In short, a disruptive technology is something that transforms a historically expensive product, which only a few people with a lot of money and a lot of skill have access to, by making it more affordable and available to a wider group of people.
The term was first brought to public attention in 1995 by a Harvard Professor named Clayton M. Christensen.
This level of innovation is usually so huge that it completely eradicates the previous incumbent (in some cases very quickly). The reasons behind this usually being that the technology offers exponentially better performance, while being produced at a markedly lower cost. Before you know it the new technology is everywhere!
While this may all sound like some new-fangled modern concept, it’s actually something that has been going on for some time. There are loads of historic examples of disruptive technology. Things such as the first horse powered agricultural machines disrupted the need for field workers. The same applies to the first Ford Model T, which did for horse-power what the horse did for manual labour.
While these two inventions may have benefited two totally different industries, they both had something in common — they were wildly better than anything that had come before (and a price that was actually affordable for the masses). People quickly adopted them and soon enough, they replaced their predecessors.
Modern Day Disruptors
While you may think that some of this is ancient history, there’s a wealth of products and services (that you probably use) which are changing and disrupting the world around you. The most obvious one is probably Netflix, but other companies such as Airbnb, Mondo and Uber have changed the way we travel, bank and rent movies. 2016 really is a golden age for innovation as companies start to value and incorporate the millennial generation’s idea of what a good service should be.
What Does The Future Hold?
The future is really, really exciting. There are so many products in development that will rapidly change the way that we live. For example, IBM’s Watson will revolutionise the medical profession — soon enough, we could value a computer’s diagnosis over a human doctors. One of the more immediate disruptions will happen once self-driving cars are approved for use on our roads. Long-distance lorry driving will become a thing of the past as there will be no need for the drivers.
While this may seem like a lot of people will lose their jobs due to incoming disruptive technology, it simply isn’t the case. Historically, disruption does not reduce the amount of jobs. In fact, it creates them. We simply cannot conceive of the jobs of the future. However, what we do know is that in the past, disruption has always created them.
During the industrial revolution, luddites thought that the new machines would end their jobs and way of life. That wasn’t exactly the case, while some people couldn’t work in the cotton factories anymore, people were still needed to produce and manage these machines and that’s where their existing skills were put to use. The same happened to the field workers during the medieval age. While people’s concerns are realistic, there is great hope for a future where many dangerous or repetitive jobs will be performed by robots.
Jobs Have Always Changed
If you think about it, there used to be a time where it would be impossible to imagine any village that didn’t have a cobbler or a farrier (a person with the skills of both a blacksmith and a vet who looks after horses feet).

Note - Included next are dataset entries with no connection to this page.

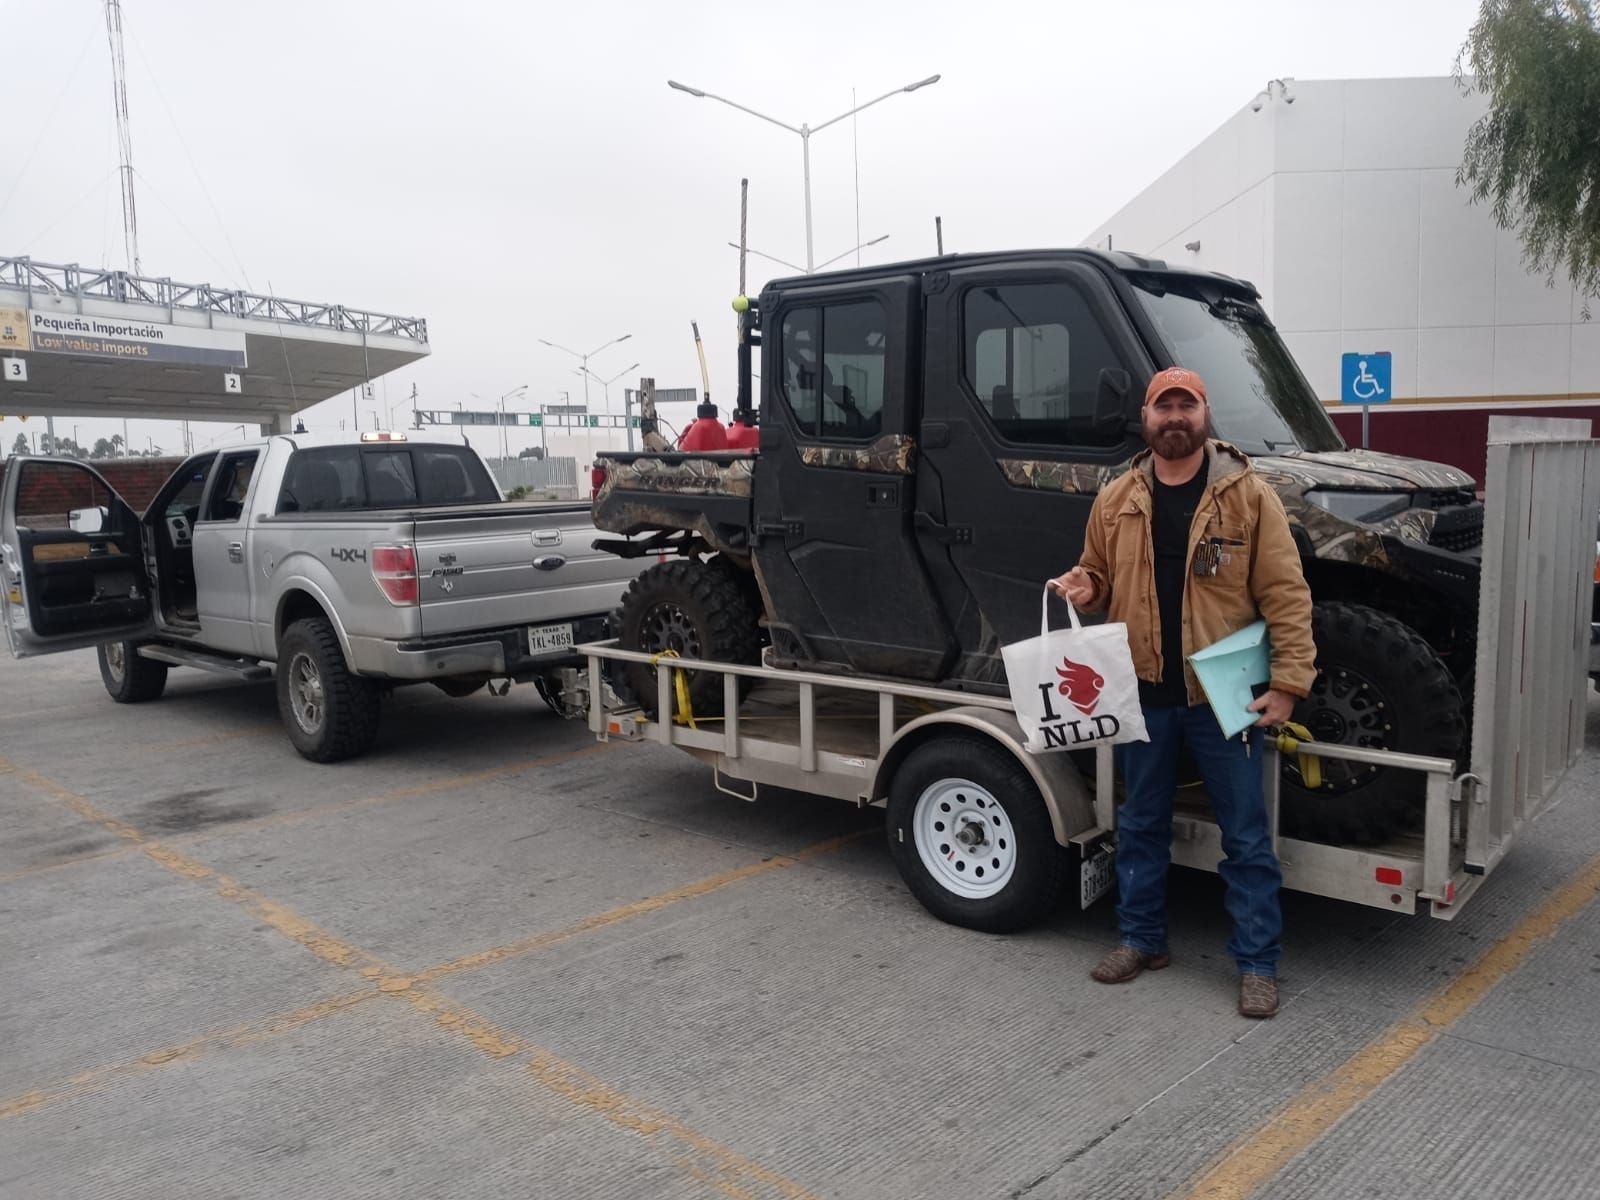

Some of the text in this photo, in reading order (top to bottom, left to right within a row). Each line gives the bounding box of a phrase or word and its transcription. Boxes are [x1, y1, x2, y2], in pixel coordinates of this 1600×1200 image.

[34, 315, 164, 339] Pequeña Importación
[37, 335, 148, 356] Low value imports
[12, 364, 21, 376] 3
[229, 378, 236, 388] 2
[367, 387, 373, 396] 1
[640, 475, 721, 489] RANGER
[1038, 682, 1062, 722] I
[1038, 714, 1120, 750] NLD

However, time moves on and machines evolve — horses aren’t the predominant way of getting around anymore, cars are. Hence why we don’t need as many cobblers or farriers as we used to, we now need more mechanics. As technology changes, so do the jobs that go along with it.

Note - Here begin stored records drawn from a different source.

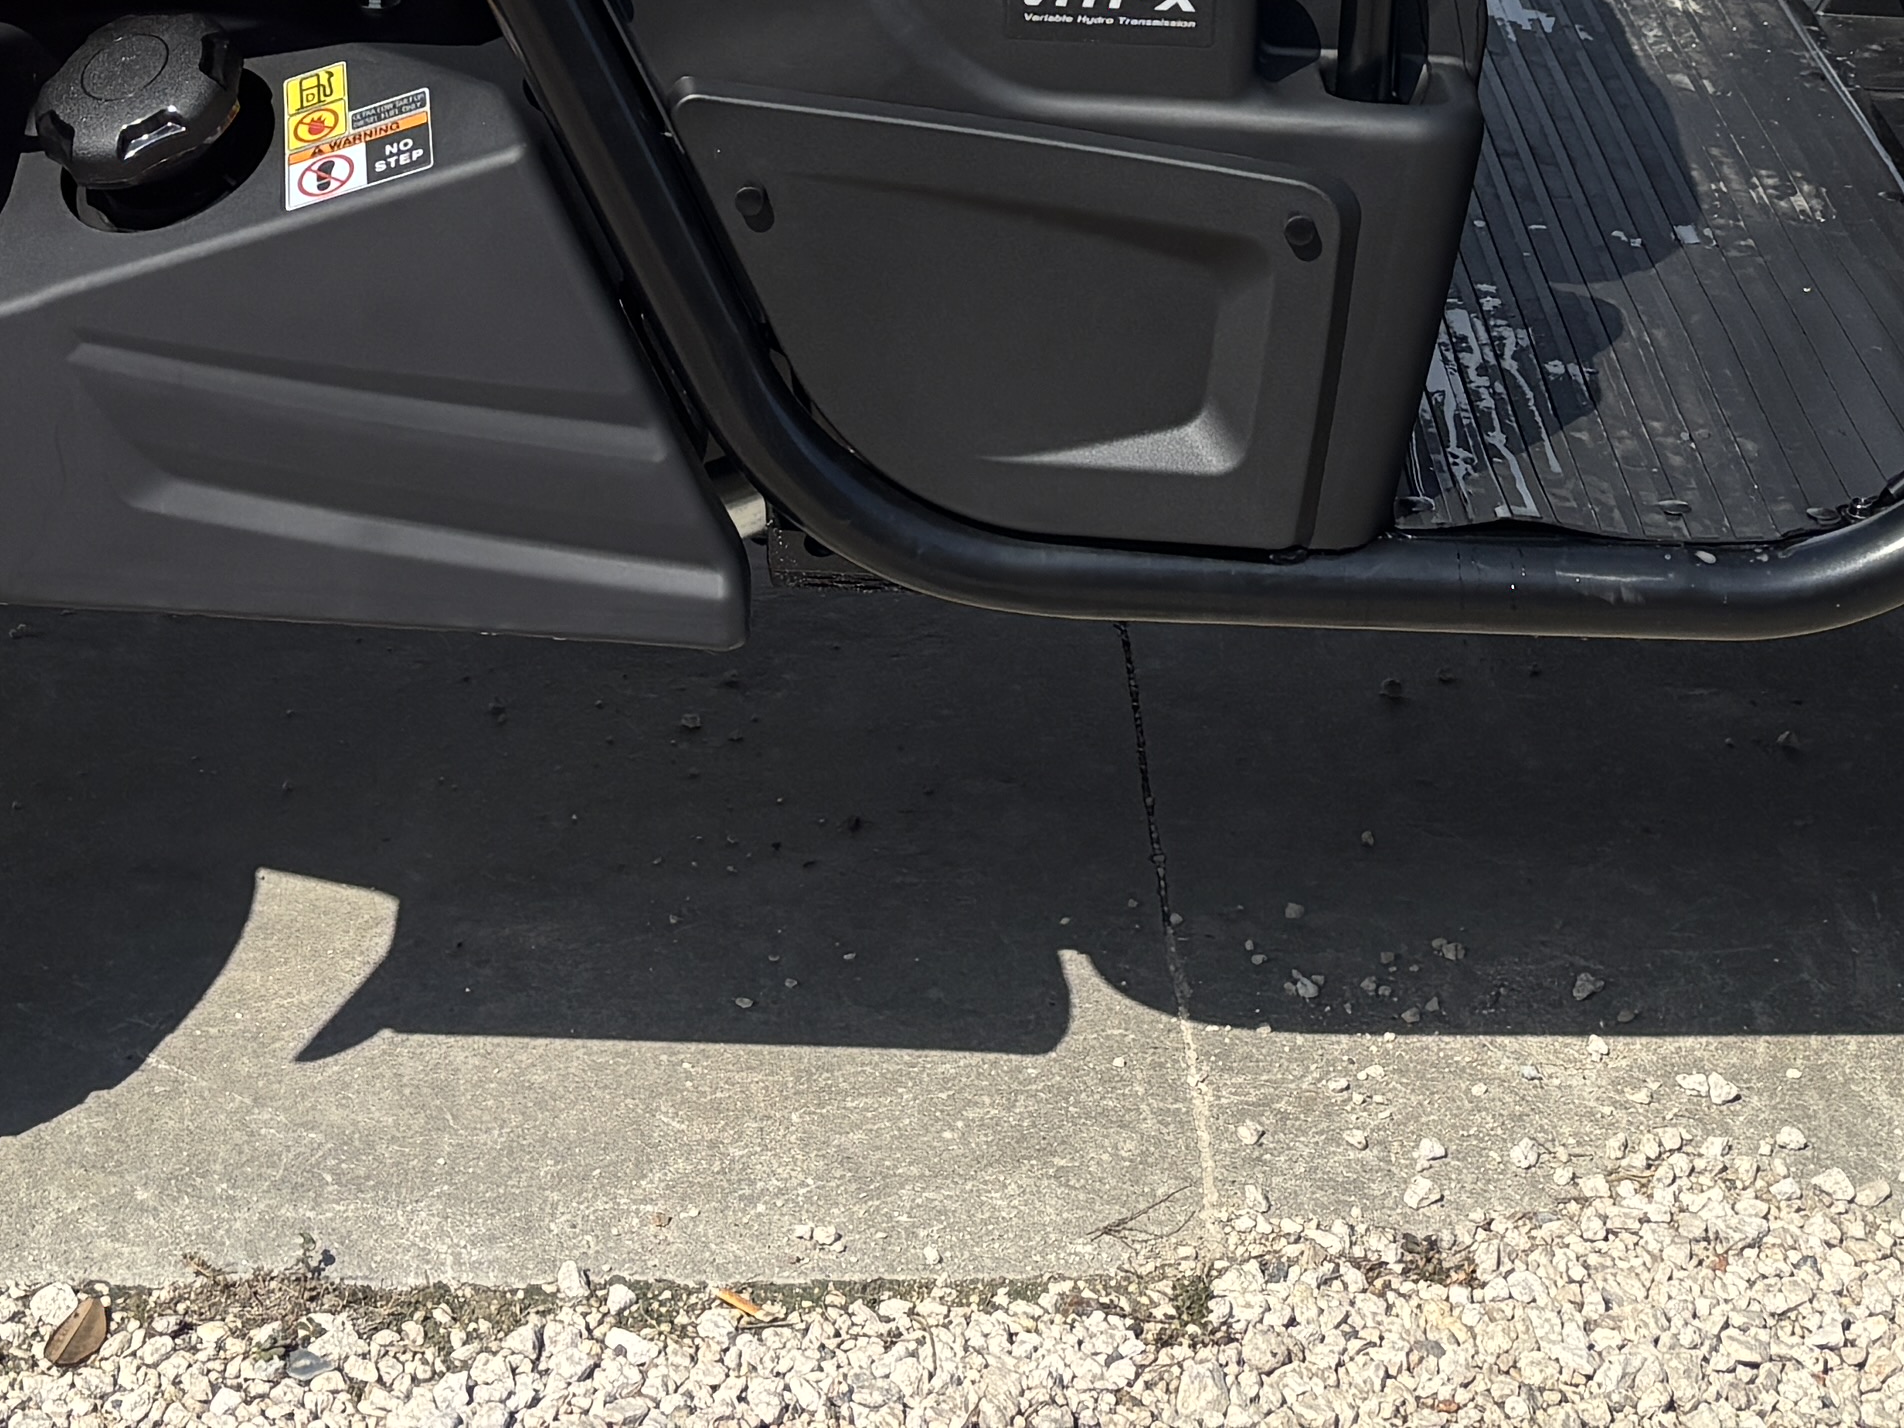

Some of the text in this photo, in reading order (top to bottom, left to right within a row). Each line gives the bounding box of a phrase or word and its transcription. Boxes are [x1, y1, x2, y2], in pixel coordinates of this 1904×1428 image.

[1024, 12, 1197, 28] Variable Hydro Transmission
[329, 122, 401, 150] WARNING
[384, 138, 413, 157] NO
[374, 148, 424, 173] STEP
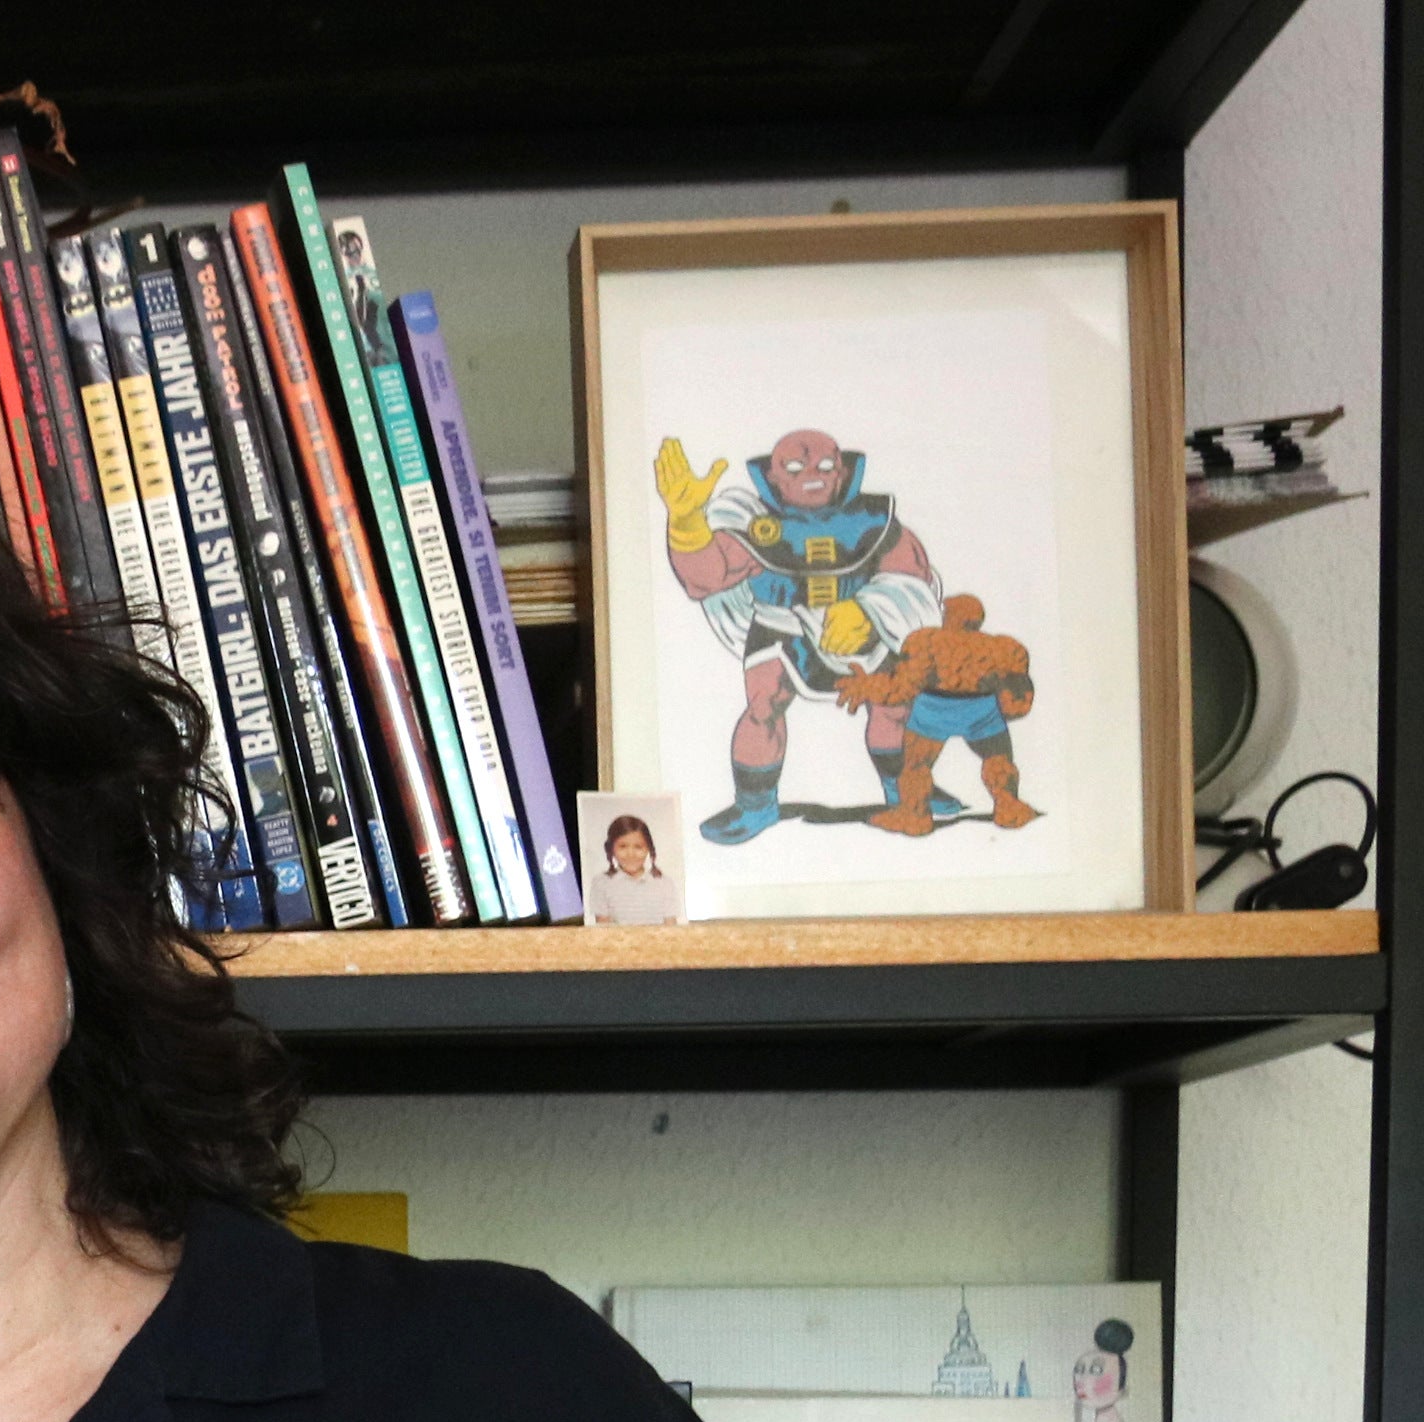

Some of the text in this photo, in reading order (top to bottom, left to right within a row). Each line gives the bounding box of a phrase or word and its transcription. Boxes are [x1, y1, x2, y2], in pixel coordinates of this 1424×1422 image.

[139, 232, 158, 263] 1
[152, 330, 205, 424] JAHR
[90, 395, 125, 494] BATMAN
[129, 386, 166, 487] BATMAN
[376, 366, 425, 481] GREEN LANTERN
[111, 507, 135, 537] THE
[174, 425, 230, 534] ERSTE
[407, 486, 432, 518] THE
[147, 500, 190, 614] THE GREATEST
[197, 537, 245, 607] DAS
[416, 523, 455, 603] GREATEST
[212, 611, 277, 759] BATGIRL:
[438, 608, 473, 678] STORIES
[489, 620, 516, 671] SORT
[315, 834, 375, 928] VERTIGO
[375, 847, 397, 894] COMICS

However, it would be remiss of us to say that whatever happens, people will be okay. There are going to be a lot of people out there who either have to retrain or retire and finding a solution needs to become part of the national consciousness.

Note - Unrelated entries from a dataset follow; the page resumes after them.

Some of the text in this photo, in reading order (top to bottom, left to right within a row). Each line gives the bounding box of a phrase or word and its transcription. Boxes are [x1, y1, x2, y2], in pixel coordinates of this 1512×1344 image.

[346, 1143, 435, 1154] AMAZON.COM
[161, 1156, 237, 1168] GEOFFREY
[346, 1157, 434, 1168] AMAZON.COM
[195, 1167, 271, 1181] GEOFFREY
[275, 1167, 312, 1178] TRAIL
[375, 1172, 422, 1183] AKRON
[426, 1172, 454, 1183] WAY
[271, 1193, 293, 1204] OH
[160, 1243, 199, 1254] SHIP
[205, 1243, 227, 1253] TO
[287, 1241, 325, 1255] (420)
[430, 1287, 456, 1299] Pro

One solution that a lot of people are suggesting is ‘basic income’. This is where governments provide a monthly allowance to cover people’s essential expenses such as food, clothing and housing. Countries such as Switzerland, Holland and Canada have already started to seriously consider enacting it within the next year or so. The idea is that robots would generate money (automation is expected to add $2.7 trillion each year to the world economy), which could used to provide basic income to those it displaces.
Whatever happens, it’s clear that we need to have a solution ready for when automation does happen — before it might be too late.